Gigabyte GA-P55-UD5 Review

November 11, 2009 | 10:17

Tags: #benchmark #crossfire #ga #mobo #motherboard #p55 #perform #performance #result #review #sata #sli #ud5

Companies: #gigabyte #test

Board Layout and Detail

Again we're presented with another blue board from Gigabyte, partnered with other blue, white and gunmetal piping that really looks quite attractive. Well, at least it's not black again.

The heatsinks are, well, strange though. Unique is nice, but on their own we wouldn't call them aesthetically pleasing. There's lots of flamboyant metal there for no real reason: the lower heatsink especially, since it covers chips that don't need any cooling. Again it's another case of "more metal looks faster", and it's a marketing strategy that really does work for Gigabyte.

Layout is a mix of great ideas and really poor placement of other components - the ten (yes, ten) 90 degree SATA ports are arranged neatly down one side, while the IDE port is in a horrible position and the highest PCI-Express x1 slot is aligned so any add-in card you might install will conflict with the P55 heatsink, making it as good as useless.

Because the heatsink is cooling a P55 chip placed high on the board compared to others, it also means the CPU socket is slightly more compact. Well, no more than LGA775 or LGA1366, and we haven't found any heatsink conflicts just yet.

Gigabyte GA-P55-UD5 Review Board Layout and Detail Gigabyte GA-P55-UD5 Review Board Layout and Detail
Click to enlarge

It's nice to see that we could get the memory in and out without removing the graphics card since there's plenty of room and, talking of space, there's a decent gap between the two PCI-Express x16 slots for graphics cards. That bottom slot is an x4 like other boards and not really suitable for graphics, although it should be able to take a single slot PhysX card if you really want to go down that route.

Gigabyte GA-P55-UD5 Review Board Layout and Detail Gigabyte GA-P55-UD5 Review Board Layout and Detail
Click to enlarge

The power circuit is considerable: 12+2 phase on the CPU is more than enough, as are the couple of phases for the memory and P55 too.
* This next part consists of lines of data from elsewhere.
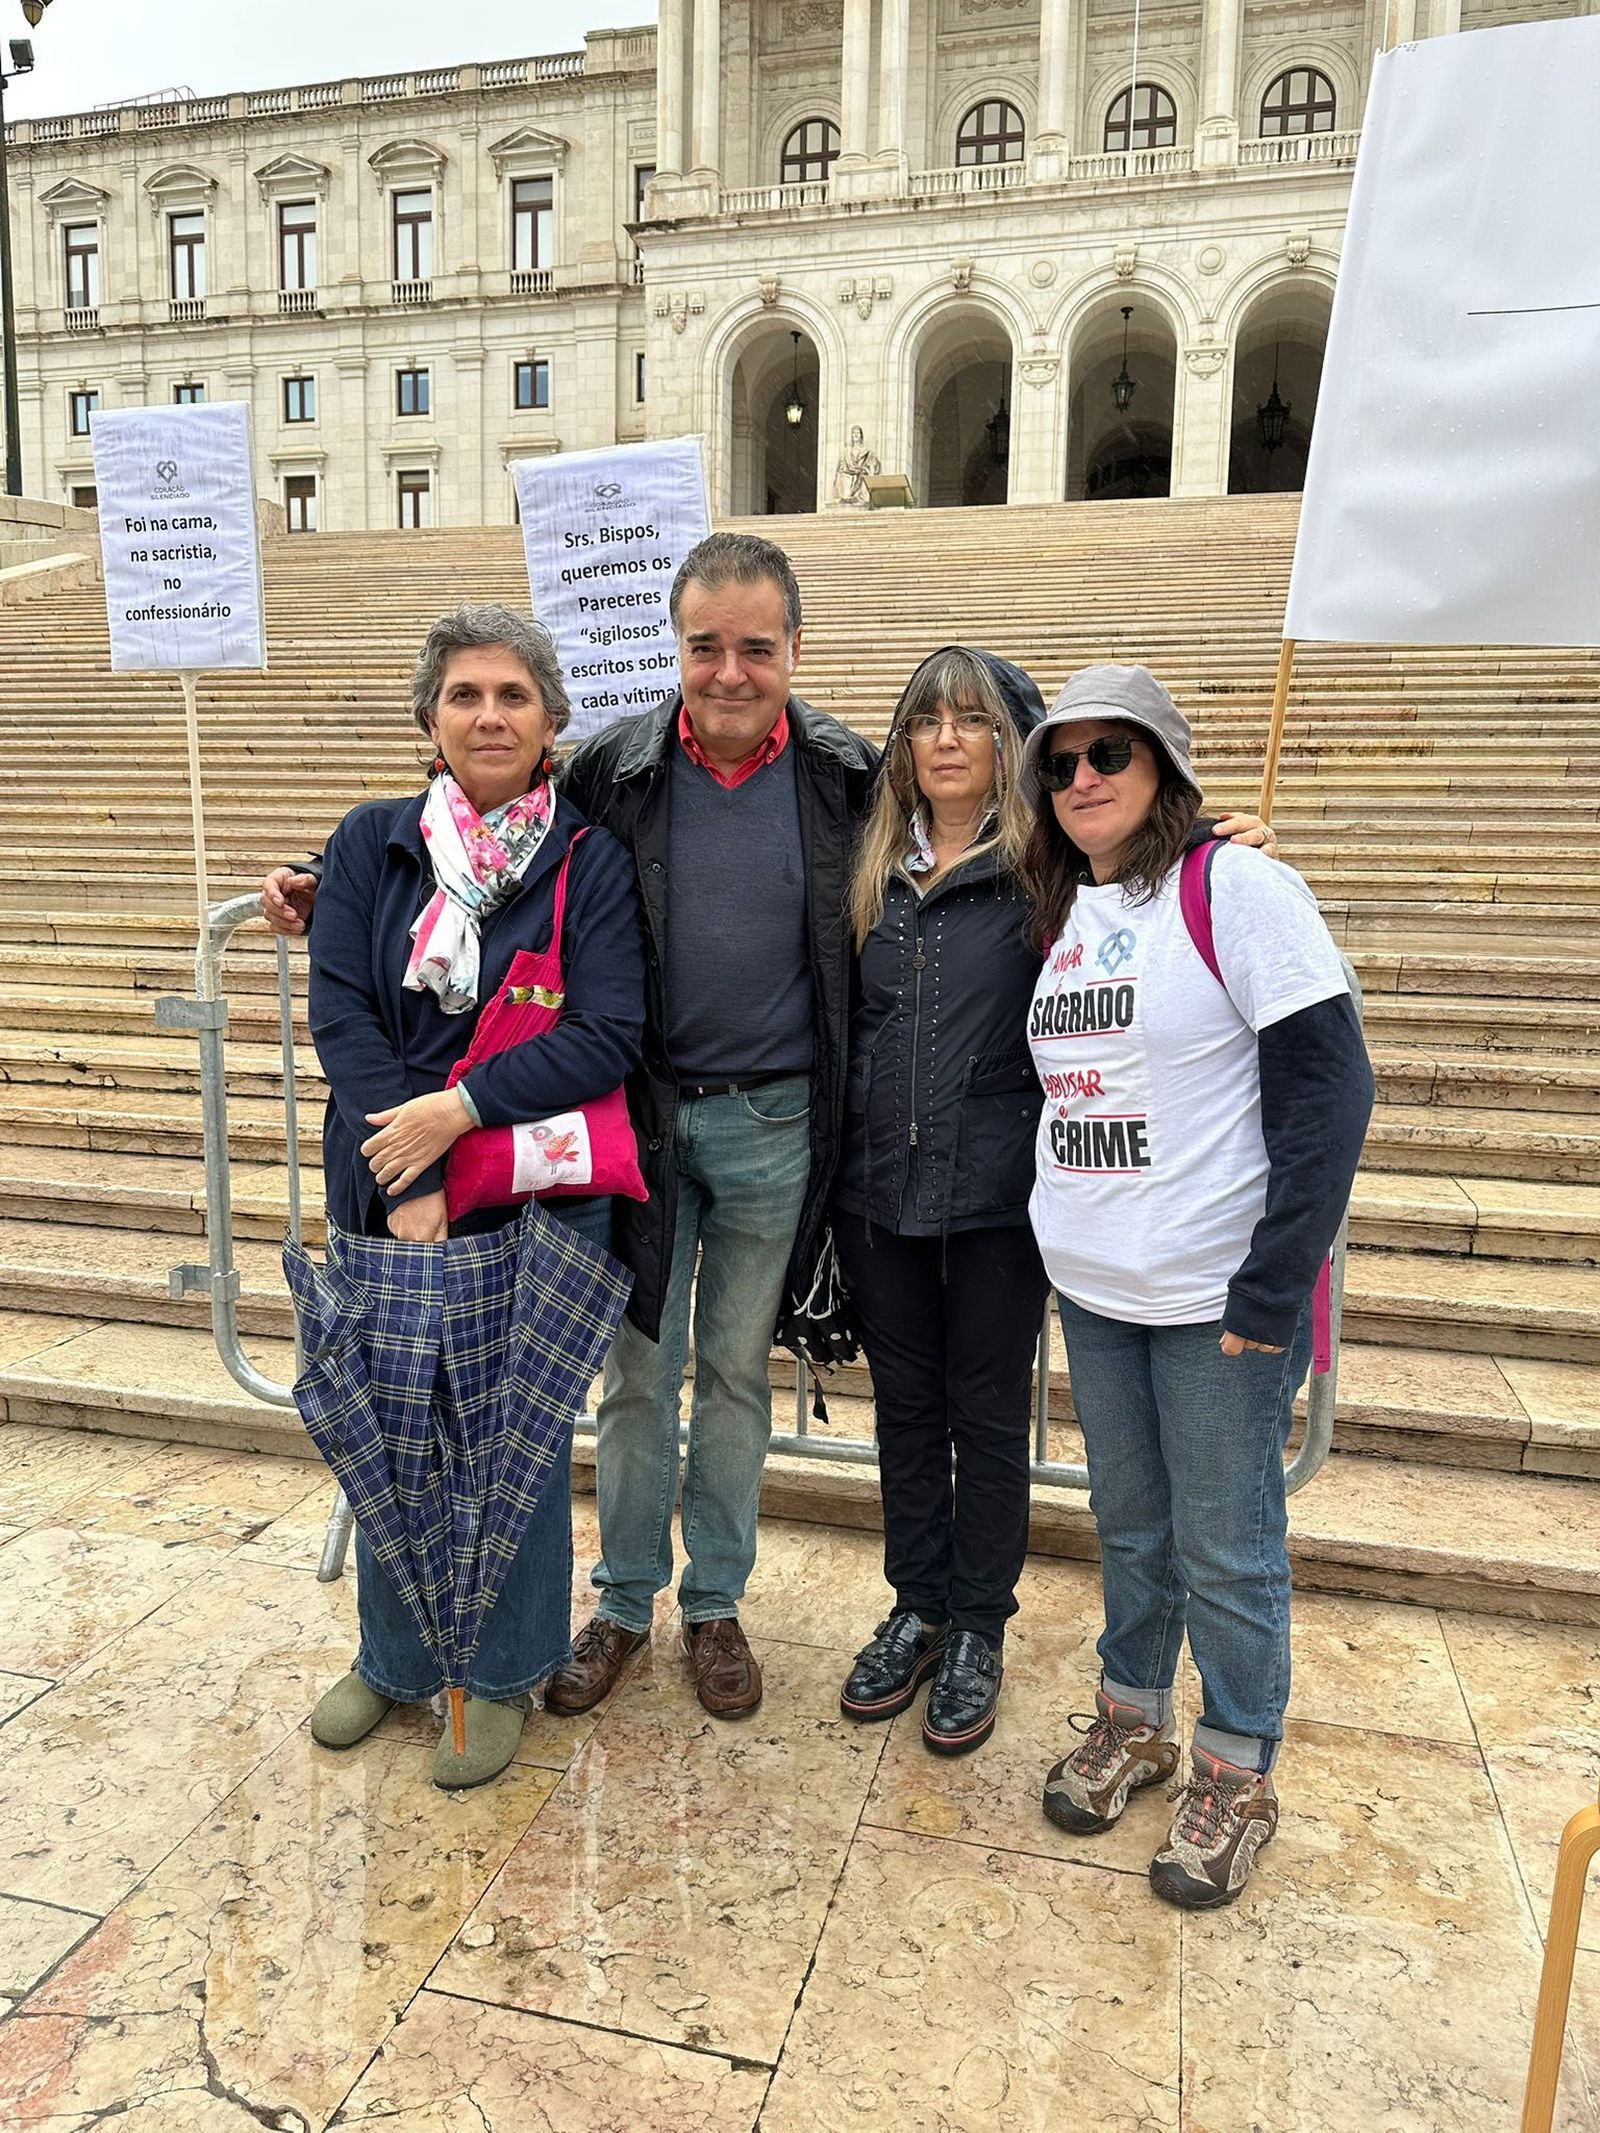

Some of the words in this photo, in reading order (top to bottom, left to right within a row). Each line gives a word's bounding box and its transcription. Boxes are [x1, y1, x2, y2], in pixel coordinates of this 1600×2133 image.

[150, 492, 190, 500] SILENCIADO
[125, 516, 147, 533] Foi
[150, 519, 168, 531] na
[172, 516, 217, 531] cama,
[564, 532, 594, 548] Srs.
[600, 524, 660, 544] Bispos,
[130, 550, 148, 562] na
[152, 543, 217, 561] sacristia,
[561, 559, 647, 585] queremos
[652, 557, 671, 570] os
[163, 578, 182, 590] no
[125, 602, 231, 621] confessionário
[578, 591, 662, 612] Pareceres
[571, 659, 634, 678] escritos
[638, 652, 679, 671] sobr
[581, 691, 619, 709] cada
[1049, 943, 1084, 976] AMAR
[1031, 985, 1135, 1037] SAGRADO
[1043, 1069, 1105, 1099] ABUSAR
[1050, 1119, 1151, 1167] CRIME
Like every Gigabyte board bought today, the board features Gigabytes 2oz copper PCB (if you care), all Nippon Chemicon solid aluminium capped capacitors and other usual Gigabyte Ultra Durable 3 gizmos and Dual BIOS, which is always appreciated.

Gigabyte GA-P55-UD5 Review Board Layout and Detail Gigabyte GA-P55-UD5 Review Board Layout and Detail
Click to enlarge

The USB and Firewire pin-outs are extremely easy to identify along the base of the board, and as we said the many SATA ports are all neatly arranged along the side of the board at 90 degrees so that SATA cables can be tidily tucked away. Underneath, Gigabyte uses its own SATA chip, which also provides the IDE. There's also a JMicron JMB362 SATA 3Gbps chip for an additional two SATA ports to bring it up to a square ten. Despite being JMicron, Gigabyte has ironed out most of the performance issues others seem to face. The throughput isn't P55 SATA standard, but it's still reasonably high and all four white ports perform identically.

There are power, reset and clear CMOS buttons squirreled away into the corner too, but it's only the power button that's obvious and we found it was easy to mix up the reset and clear CMOS buttons, which inevitably became annoying.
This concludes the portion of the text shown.